* **WHAT TO WORK ON**
Omit the images and return the remaining entries unchanged.

* **EXERCISE MATERIAL**

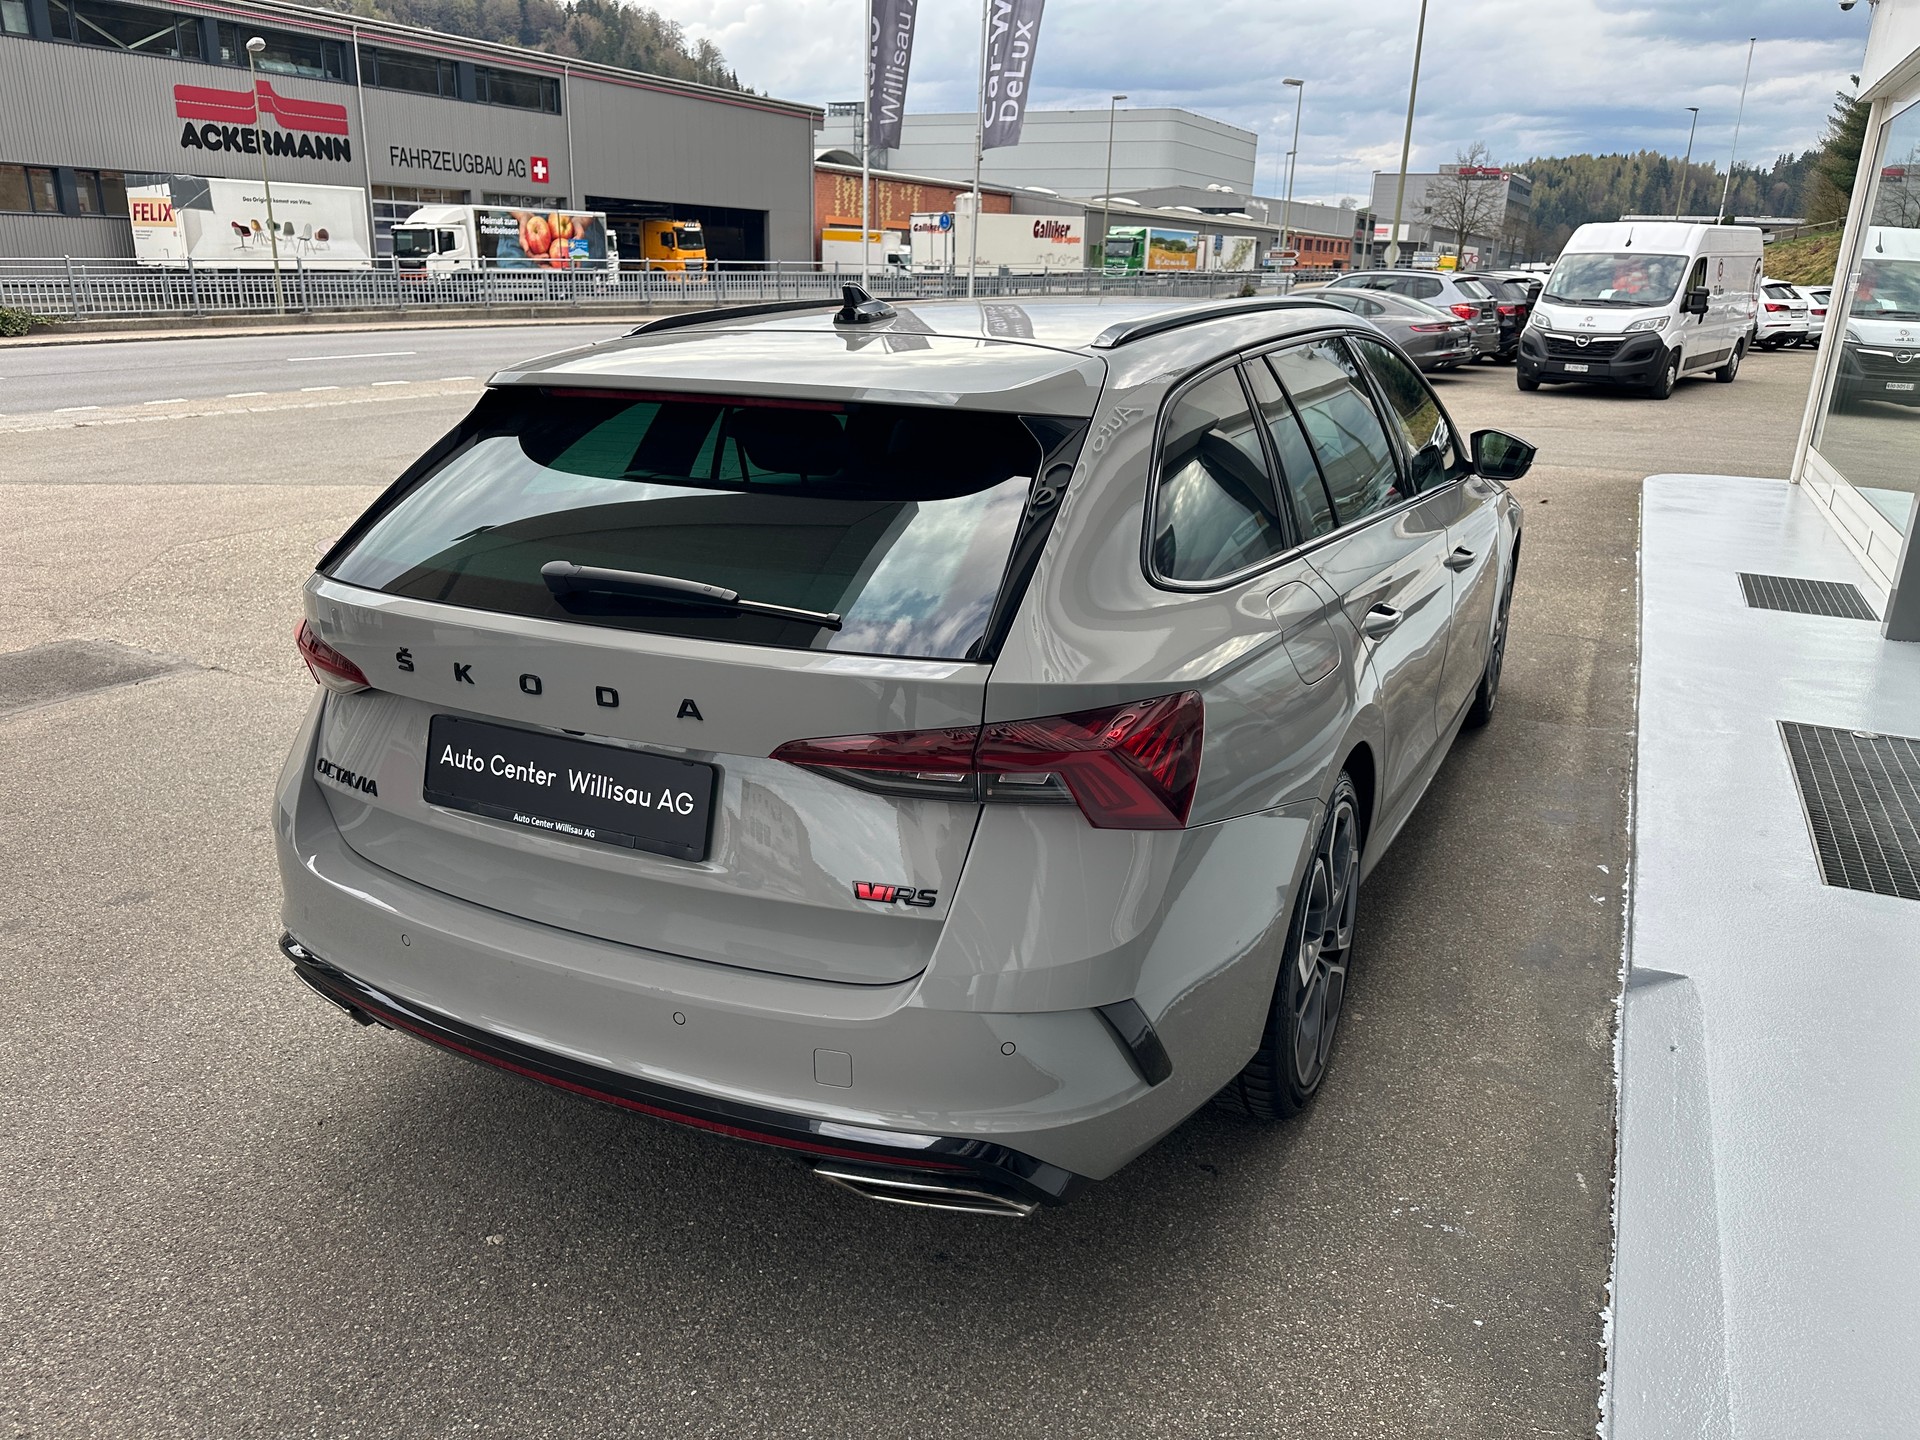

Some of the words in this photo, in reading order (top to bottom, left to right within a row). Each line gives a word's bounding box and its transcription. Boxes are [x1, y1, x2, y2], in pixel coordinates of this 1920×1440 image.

[880, 12, 911, 124] Willisau
[180, 121, 351, 163] ACKERMANN
[389, 146, 503, 177] FAHRZEUGBAU
[506, 158, 526, 178] AG
[133, 203, 173, 222] FELIX
[1033, 220, 1071, 239] Galliker
[395, 646, 703, 721] ŠKODA
[317, 757, 378, 798] OCTAVIA
[440, 744, 485, 773] Auto
[490, 754, 556, 787] Center
[568, 768, 651, 807] Willisau
[657, 788, 695, 815] AG
[513, 813, 530, 824] Auto
[531, 817, 554, 830] Center
[555, 821, 584, 836] Willisau
[584, 828, 595, 838] AG

* **TASK ANSWER**
Some of the words in this photo, in reading order (top to bottom, left to right within a row). Each line gives a word's bounding box and its transcription. Boxes are [x1, y1, x2, y2], in pixel coordinates of this 1920×1440 image.

[880, 12, 911, 124] Willisau
[180, 121, 351, 163] ACKERMANN
[389, 146, 503, 177] FAHRZEUGBAU
[506, 158, 526, 178] AG
[133, 203, 173, 222] FELIX
[1033, 220, 1071, 239] Galliker
[395, 646, 703, 721] ŠKODA
[317, 757, 378, 798] OCTAVIA
[440, 744, 485, 773] Auto
[490, 754, 556, 787] Center
[568, 768, 651, 807] Willisau
[657, 788, 695, 815] AG
[513, 813, 530, 824] Auto
[531, 817, 554, 830] Center
[555, 821, 584, 836] Willisau
[584, 828, 595, 838] AG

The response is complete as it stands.